We adopt Group Relative Policy Optimization (GRPO), an efficient alternative to PPO that eliminates the need for training a separate value function. GRPO employs group-based sampling, where multiple outputs (rollouts) are generated for each prompt using the old policy. The relative rewards within each group are then used to compute the advantage for policy updates, which aligns naturally with the comparative nature of reward models.

This approach helped us significantly reduce memory overhead and proved to be considerably more cost-effective than traditional PPO. Through extensive experimentation, we conducted a learning rate sweep and identified 3e-7 as the optimal value for most tasks. However, we observed that more challenging datasets requiring stronger reasoning capabilities—such as math and code generation—performed better with a reduced learning rate of 2e-7, highlighting the model's sensitivity to dataset complexity.

To maximize efficiency, we dynamically adjusted batch sizes based on the dataset-specific maximum generation length. Since different datasets impose varying token length limits, we calibrated the batch size accordingly to optimize GPU utilization within given memory constraints.

2.3 Prompt Sampling Strategies

For each RLVR task, we implemented a prompt sampling approach targeting a pass-through rate of approximately 20% on the model being trained. This means we selected prompts such that the model generated correct responses about 20% of the time before the RLVR run began. Our ablation studies revealed that higher pass-through rates negatively impacted accuracy gains by up to 6%, while lower rates, though not detrimental to accuracy, increased training time to reach equivalent performance levels as the model needed to explore the solution space more extensively to discover the optimal policy.

We further refined our sampling by filtering out all prompts with a perfect pass@8 score—that is, if all 8 rollouts on a particular prompt yielded correct results, we excluded that prompt from training because the resulting advantage is zero and hence it does not contribute to the policy update.

For Code Generation tasks, we limited each input to approximately 15 test cases.
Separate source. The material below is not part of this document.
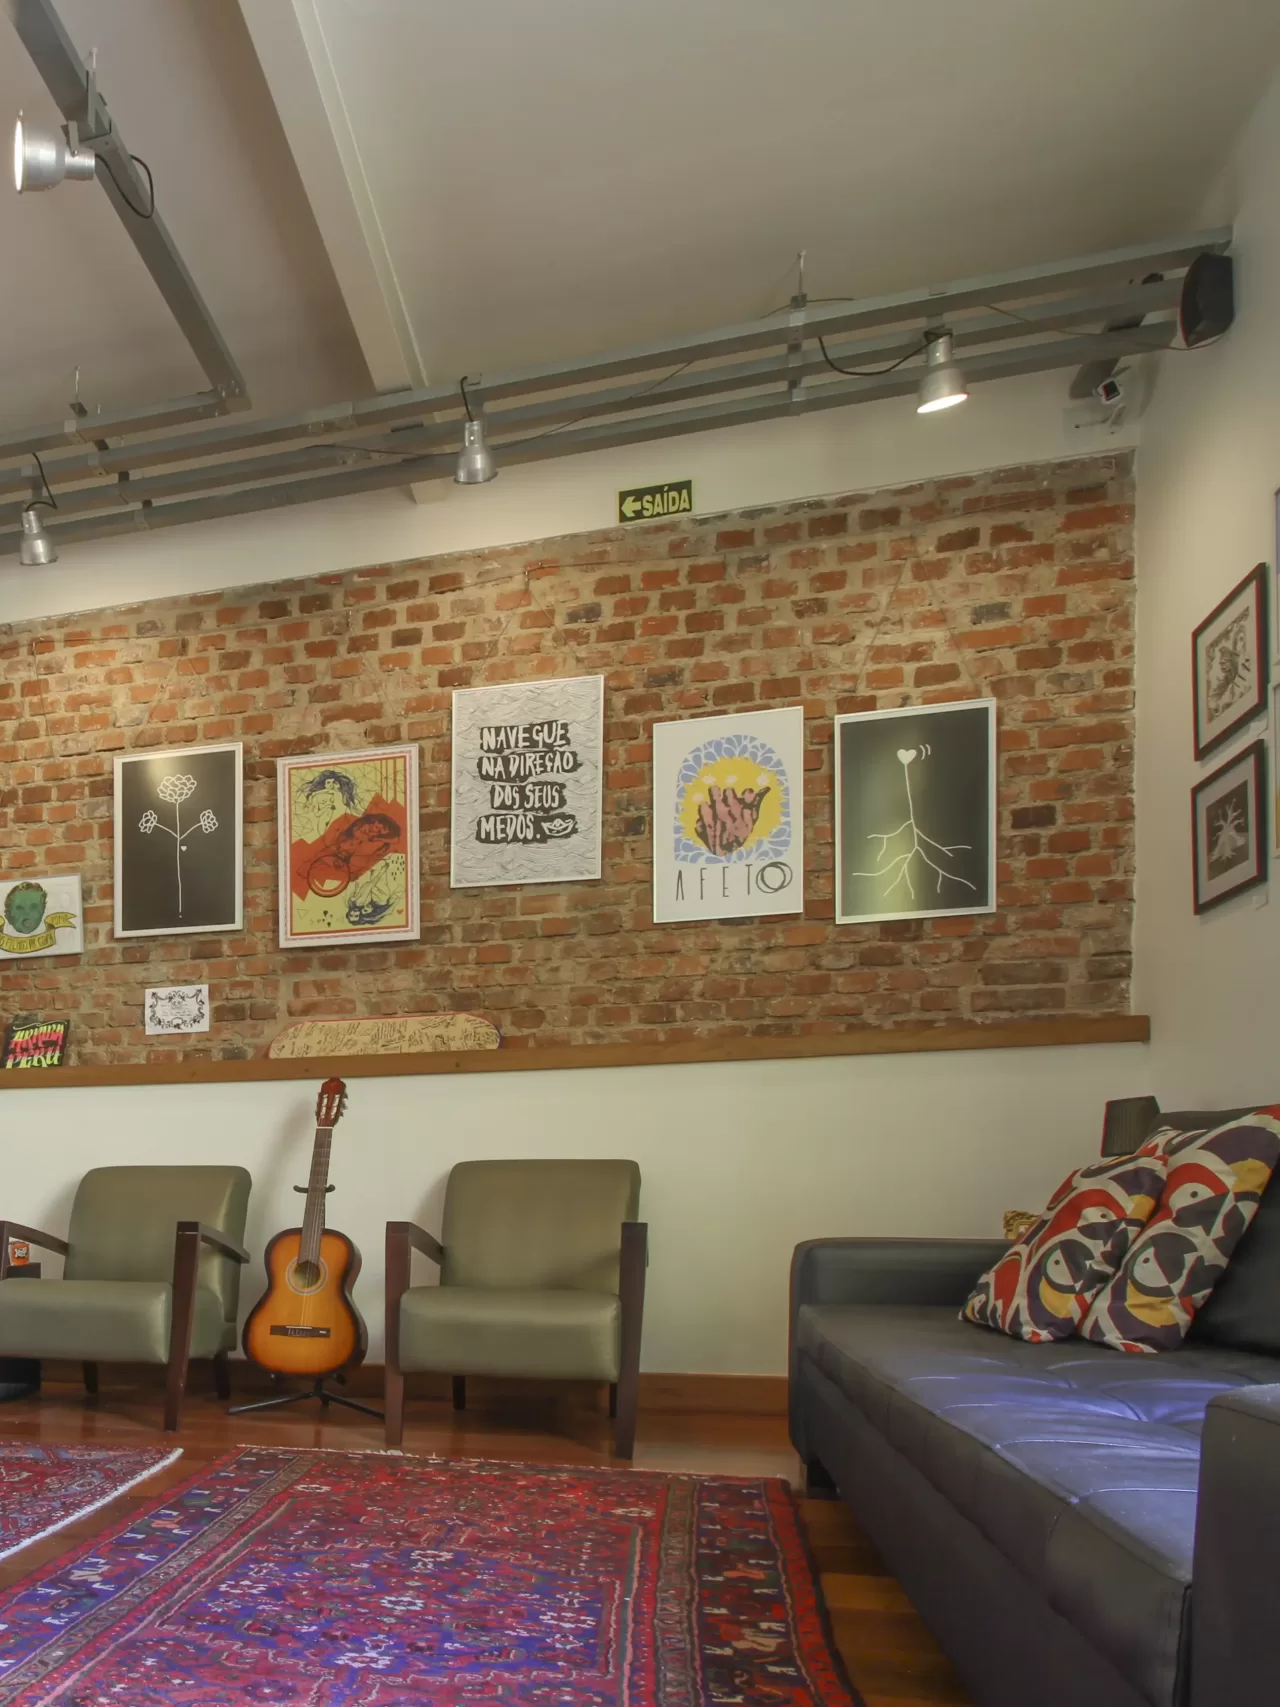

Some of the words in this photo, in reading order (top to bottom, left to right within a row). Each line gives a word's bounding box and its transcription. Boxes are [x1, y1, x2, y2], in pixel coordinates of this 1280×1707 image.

In this selection process, we prioritized test cases based on the string length of the test case as a proxy for difficulty level. This approach served a dual purpose: it improved execution efficiency, and made it more challenging for the model to exploit the reward function by solving only the simpler test cases, leading to more robust learning outcomes.

2.4 Reward Engineering

For most RLVR tasks, we employed a straightforward binary reward system that classified responses as either correct or incorrect. However, for Code Generation tasks, we implemented a more nuanced partial reward scheme to address the sparsity challenge inherent in binary rewards for complex coding problems.
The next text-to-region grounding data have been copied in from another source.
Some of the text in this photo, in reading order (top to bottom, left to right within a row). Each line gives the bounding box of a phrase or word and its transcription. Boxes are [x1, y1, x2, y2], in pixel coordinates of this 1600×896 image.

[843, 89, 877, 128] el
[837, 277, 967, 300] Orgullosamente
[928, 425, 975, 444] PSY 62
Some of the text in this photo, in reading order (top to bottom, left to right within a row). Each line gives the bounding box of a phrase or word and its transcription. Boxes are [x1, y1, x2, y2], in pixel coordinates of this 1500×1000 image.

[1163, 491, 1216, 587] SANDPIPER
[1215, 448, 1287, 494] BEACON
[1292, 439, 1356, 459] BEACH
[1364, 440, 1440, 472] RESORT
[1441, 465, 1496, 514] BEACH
Specifically, our Code Generation reward consisted of two components: (i) the fraction of test cases that successfully passed code execution, and (ii) bonus reward applied when all test cases passed. This graduated reward structure proved highly effective in improving the model's code generation capabilities.

For Translation tasks, we observed that implementing a binary reward based on a fixed threshold of translation quality metrics like chrF++ was ineffective due to the high variability of chrF++ values across different sentences. To address this, we developed a 'relative reward score' with the following structure: (i) a score of 0.5 if the chrF++ metric exceeded the pre-RLVR baseline by a specified lower threshold, and (ii) a score of 1.0 if the chrF++ metric either exceeded the baseline by a higher threshold or surpassed a predefined global chrF++ threshold. This approach led to significant improvements in translation accuracy. To the best of our knowledge, these reward engineering techniques represent novel contributions to the field and were effective in enhancing model performance.

Below, we show a couple of examples of how the model’s performance has improved with our RLVR curriculum.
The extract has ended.